What you are asked to do: Omit the pictures, and output the rest of the entries exactly as written.

Extracted data entries

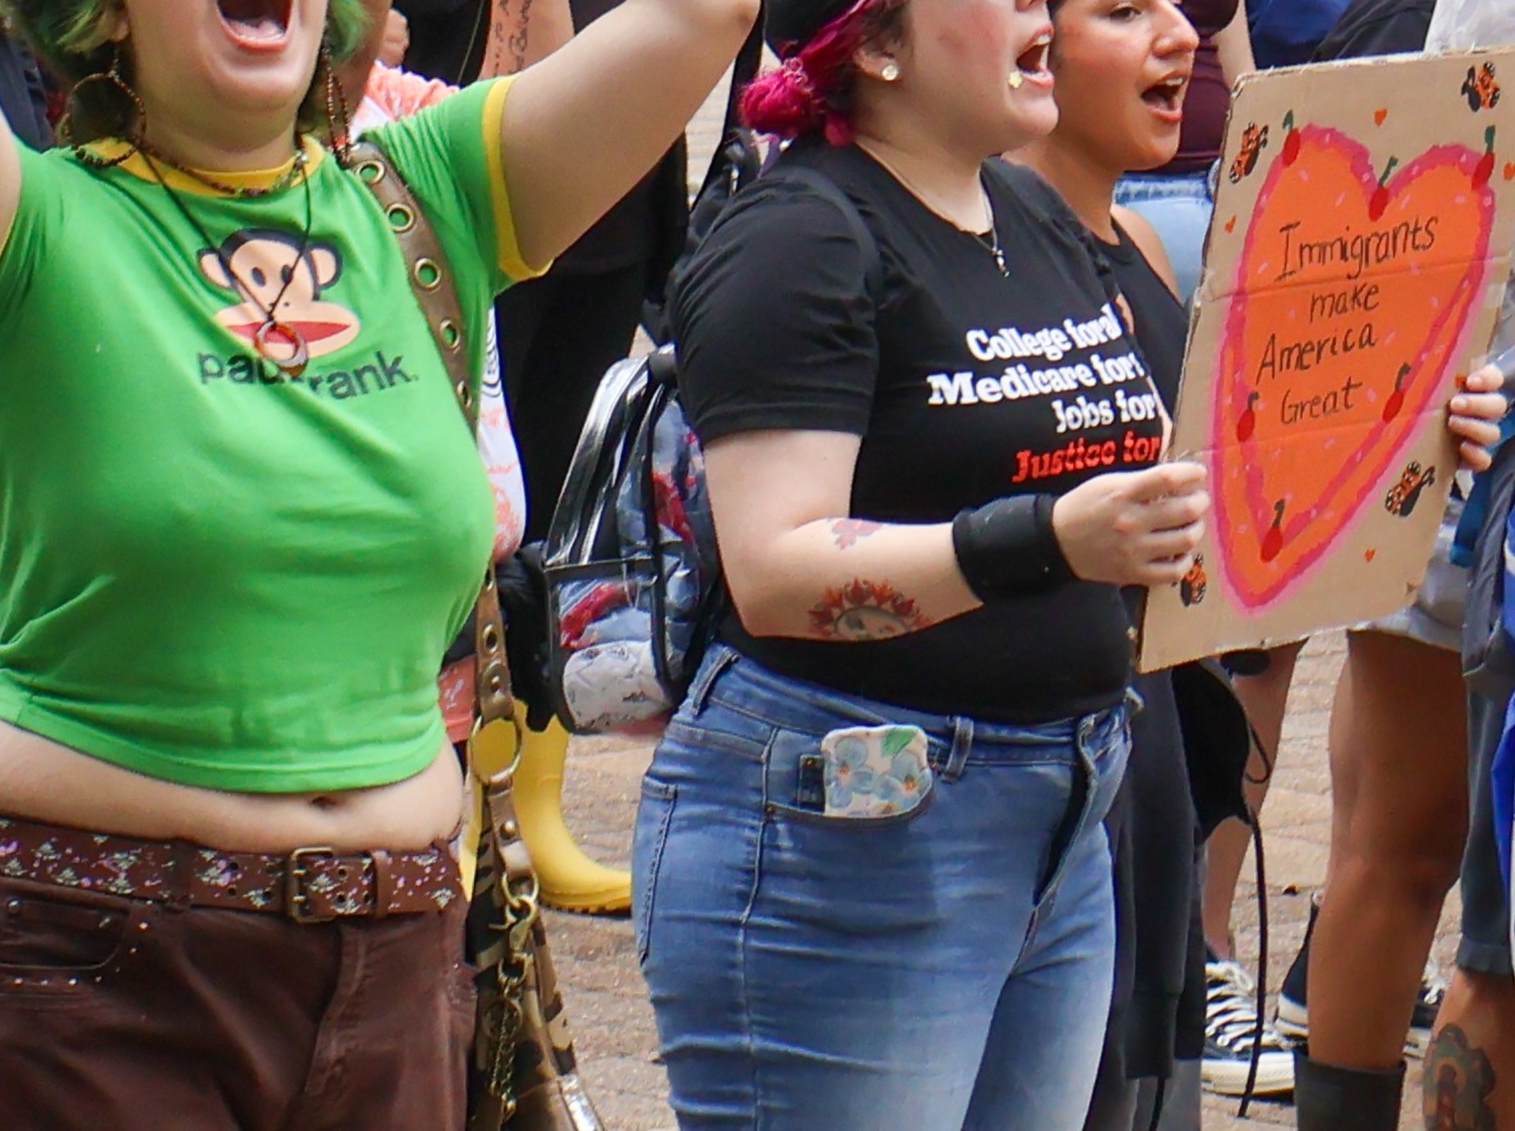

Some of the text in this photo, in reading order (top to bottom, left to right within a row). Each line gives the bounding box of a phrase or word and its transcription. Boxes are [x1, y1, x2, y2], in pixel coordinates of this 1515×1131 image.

[1273, 214, 1440, 283] Immigrants
[1308, 279, 1382, 325] make
[966, 325, 1072, 362] College
[1256, 320, 1379, 386] America
[925, 362, 1097, 406] Medicare
[1280, 375, 1364, 426] Great
[1051, 388, 1158, 434] Jobs for
[1011, 430, 1161, 484] Justice for
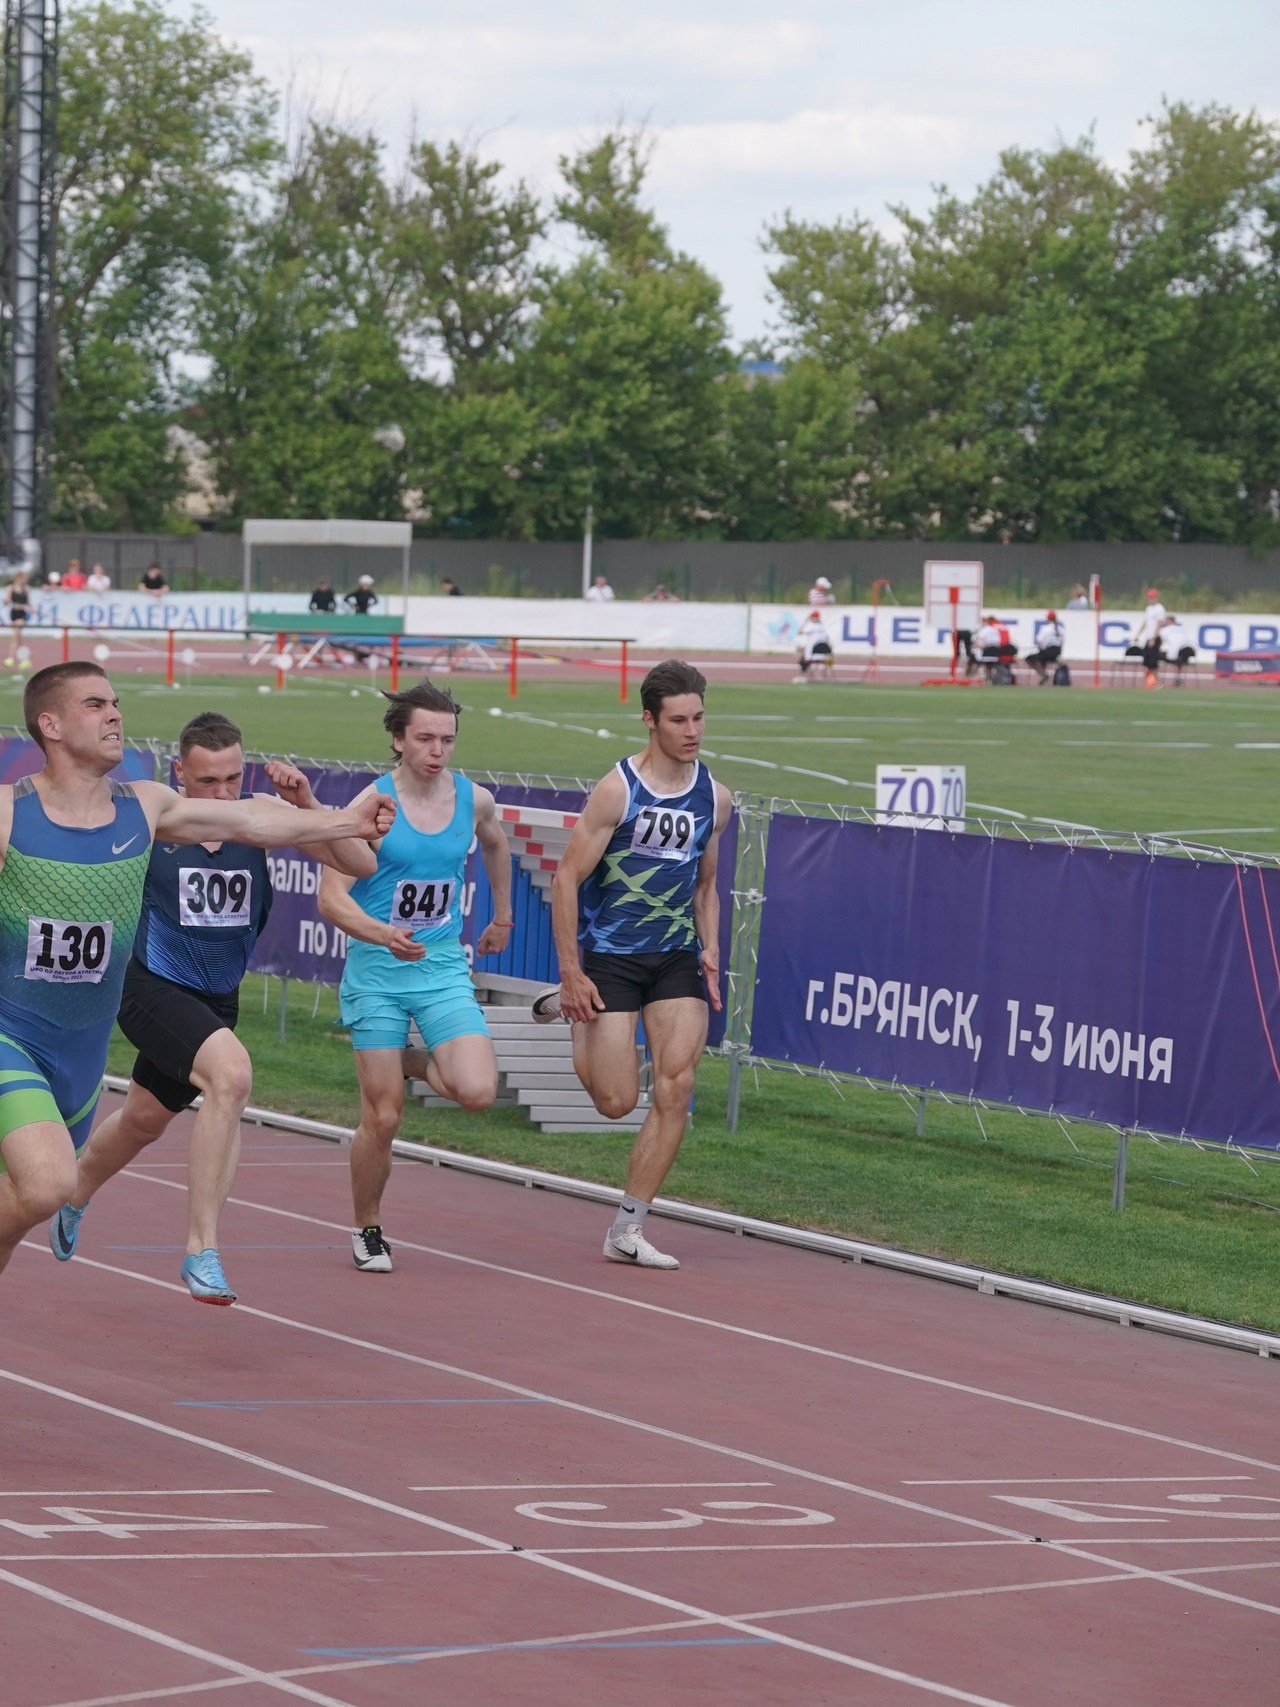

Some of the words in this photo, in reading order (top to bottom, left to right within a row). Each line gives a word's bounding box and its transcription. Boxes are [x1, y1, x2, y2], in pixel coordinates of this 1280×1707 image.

[78, 602, 278, 631] ФЕДЕРАЦИ
[881, 777, 935, 819] 70
[942, 777, 963, 818] 70
[640, 811, 690, 849] 799
[187, 871, 247, 914] 309
[399, 883, 450, 919] 841
[36, 922, 106, 971] 130
[806, 972, 982, 1062] г.БРЯНСК,
[1007, 1000, 1055, 1063] 1-3
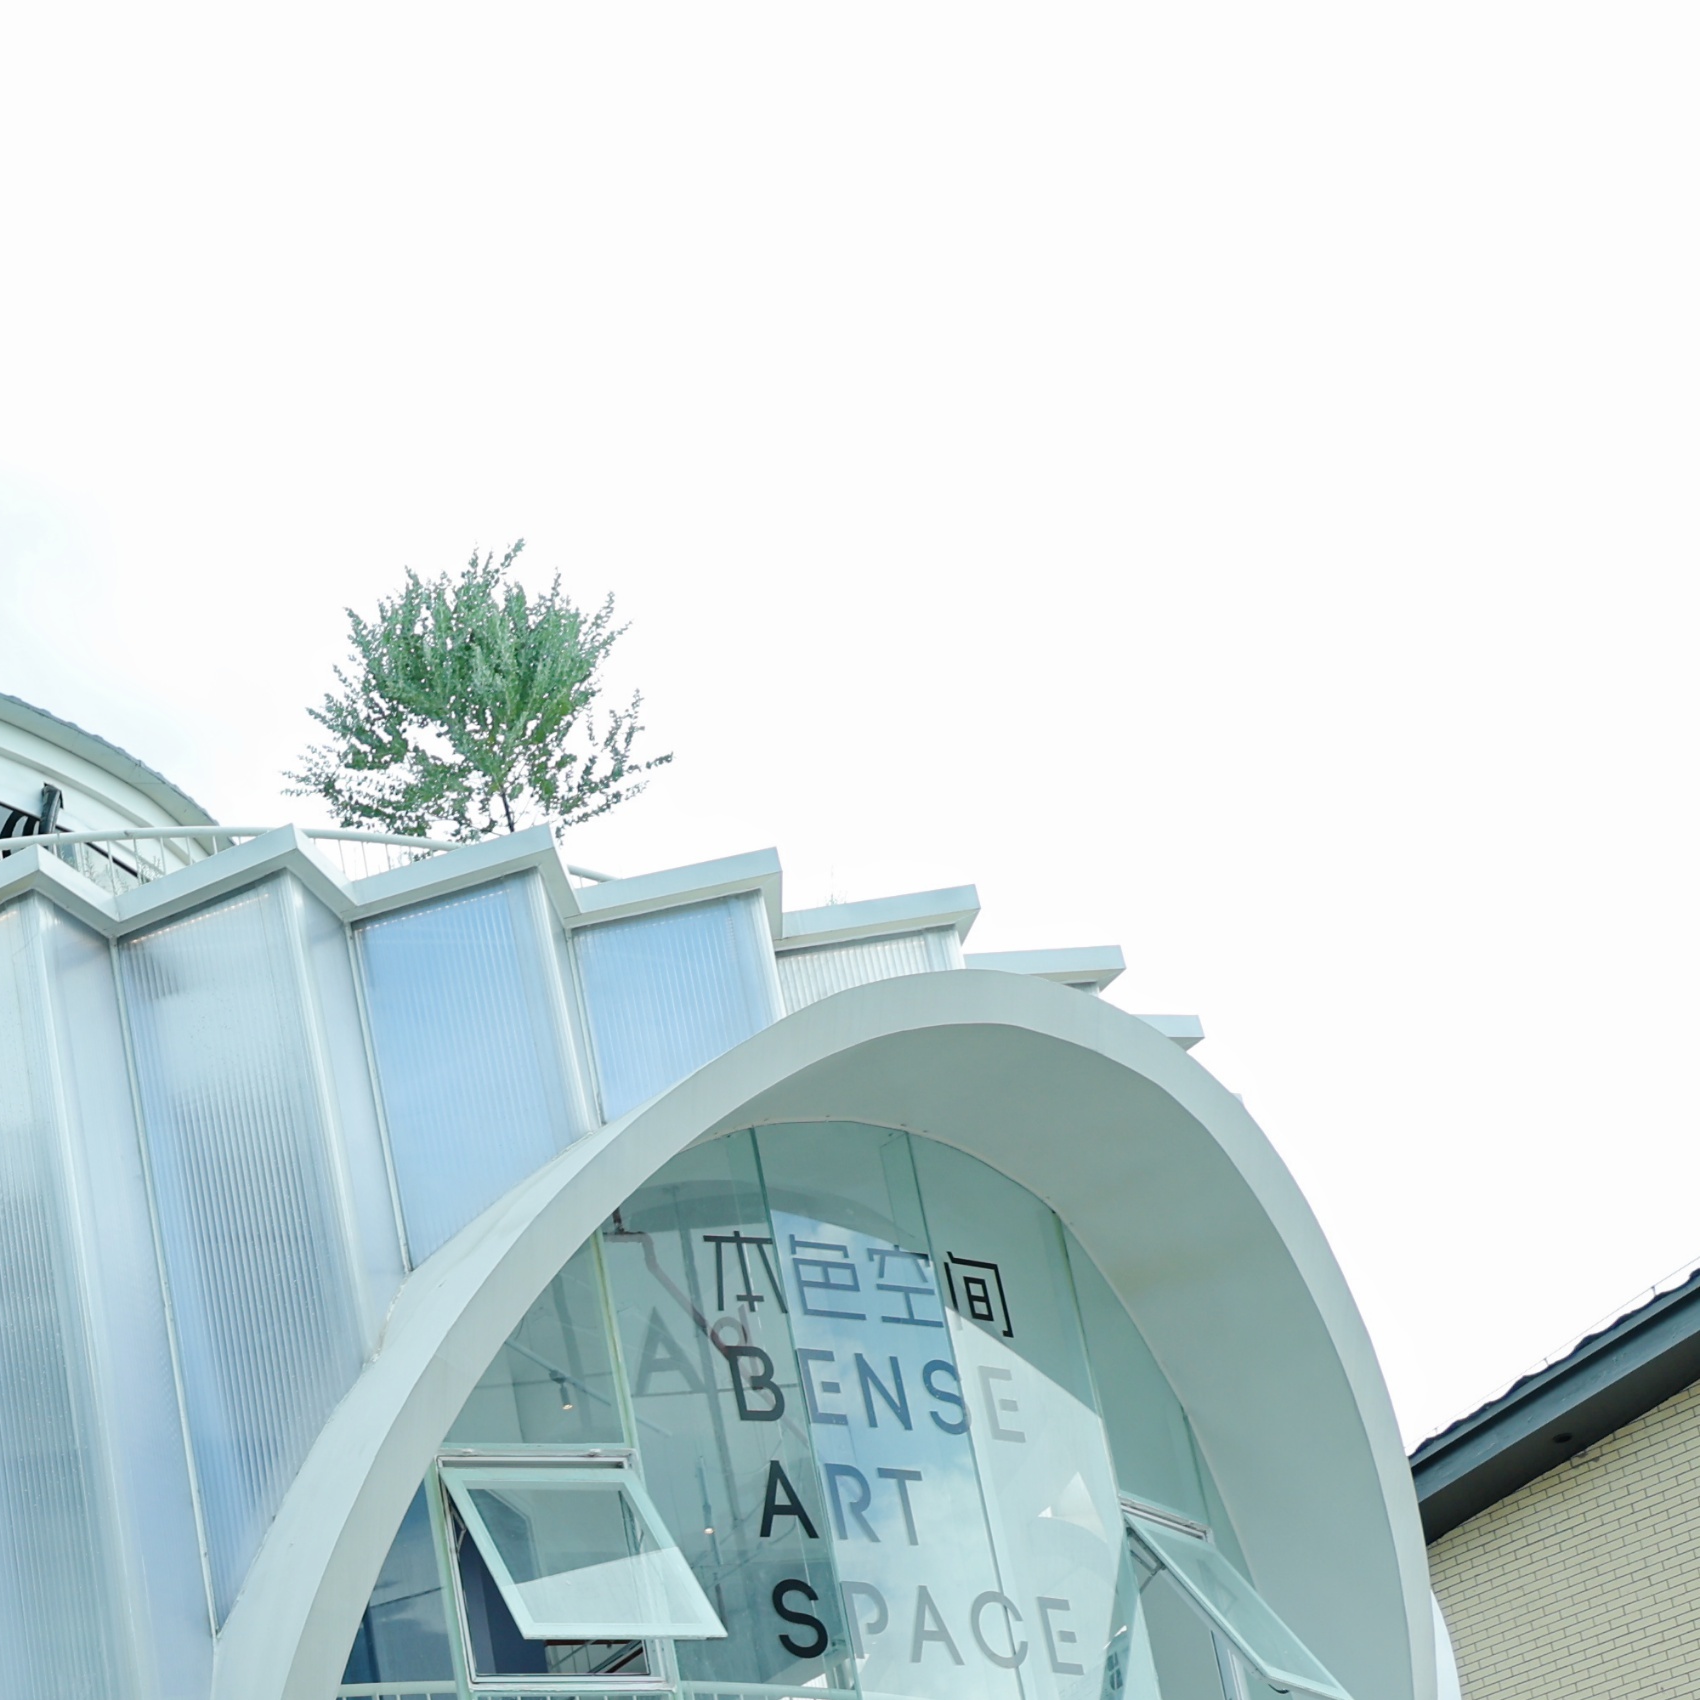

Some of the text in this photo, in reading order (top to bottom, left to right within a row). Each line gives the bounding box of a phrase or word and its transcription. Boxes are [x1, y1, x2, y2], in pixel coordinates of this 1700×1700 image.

[703, 1230, 1013, 1339] 本色空间
[727, 1345, 1027, 1445] BENSE
[760, 1460, 921, 1547] ART
[771, 1579, 1084, 1676] SPACE
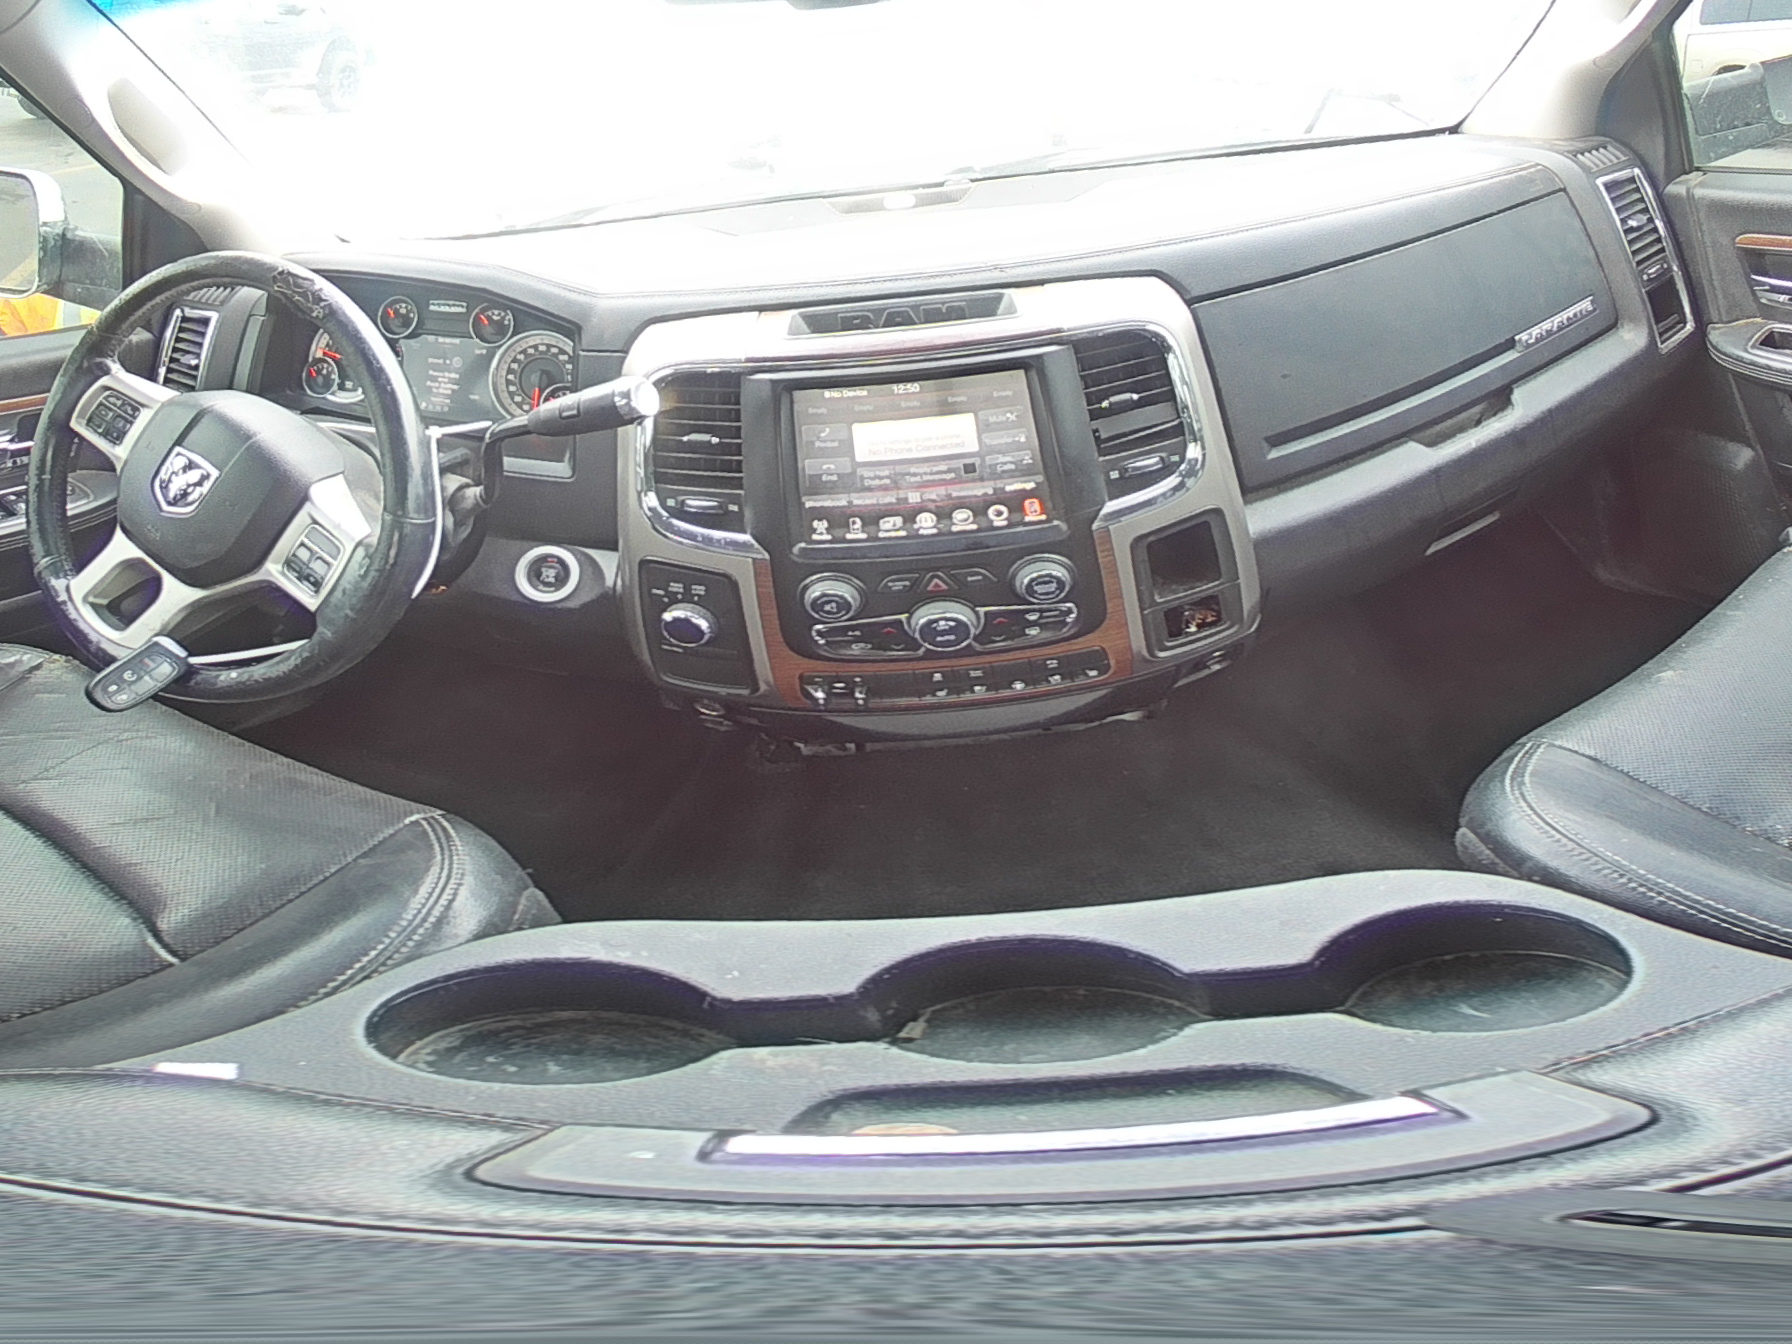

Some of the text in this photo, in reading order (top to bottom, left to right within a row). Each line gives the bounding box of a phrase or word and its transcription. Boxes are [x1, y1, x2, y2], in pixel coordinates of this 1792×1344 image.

Written solution:
Some of the text in this photo, in reading order (top to bottom, left to right within a row). Each line gives the bounding box of a phrase or word and its transcription. Boxes are [x1, y1, x2, y2], in pixel coordinates of this 1515×1131 image.

[1273, 214, 1440, 283] Immigrants
[1308, 279, 1382, 325] make
[966, 325, 1072, 362] College
[1256, 320, 1379, 386] America
[925, 362, 1097, 406] Medicare
[1280, 375, 1364, 426] Great
[1051, 388, 1158, 434] Jobs for
[1011, 430, 1161, 484] Justice for

Some of the words in this photo, in reading order (top to bottom, left to right within a row). Each line gives a word's bounding box and its transcription. Boxes are [x1, y1, x2, y2], in pixel coordinates of this 1280×1707 image.

[78, 602, 278, 631] ФЕДЕРАЦИ
[881, 777, 935, 819] 70
[942, 777, 963, 818] 70
[640, 811, 690, 849] 799
[187, 871, 247, 914] 309
[399, 883, 450, 919] 841
[36, 922, 106, 971] 130
[806, 972, 982, 1062] г.БРЯНСК,
[1007, 1000, 1055, 1063] 1-3

Some of the text in this photo, in reading order (top to bottom, left to right within a row). Each line gives the bounding box of a phrase or word and its transcription. Boxes are [x1, y1, x2, y2], in pixel coordinates of this 1700×1700 image.

[703, 1230, 1013, 1339] 本色空间
[727, 1345, 1027, 1445] BENSE
[760, 1460, 921, 1547] ART
[771, 1579, 1084, 1676] SPACE

Some of the text in this photo, in reading order (top to bottom, left to right within a row). Each line gives the bounding box of a phrase or word and its transcription. Boxes are [x1, y1, x2, y2], in pixel coordinates of this 1792×1344 image.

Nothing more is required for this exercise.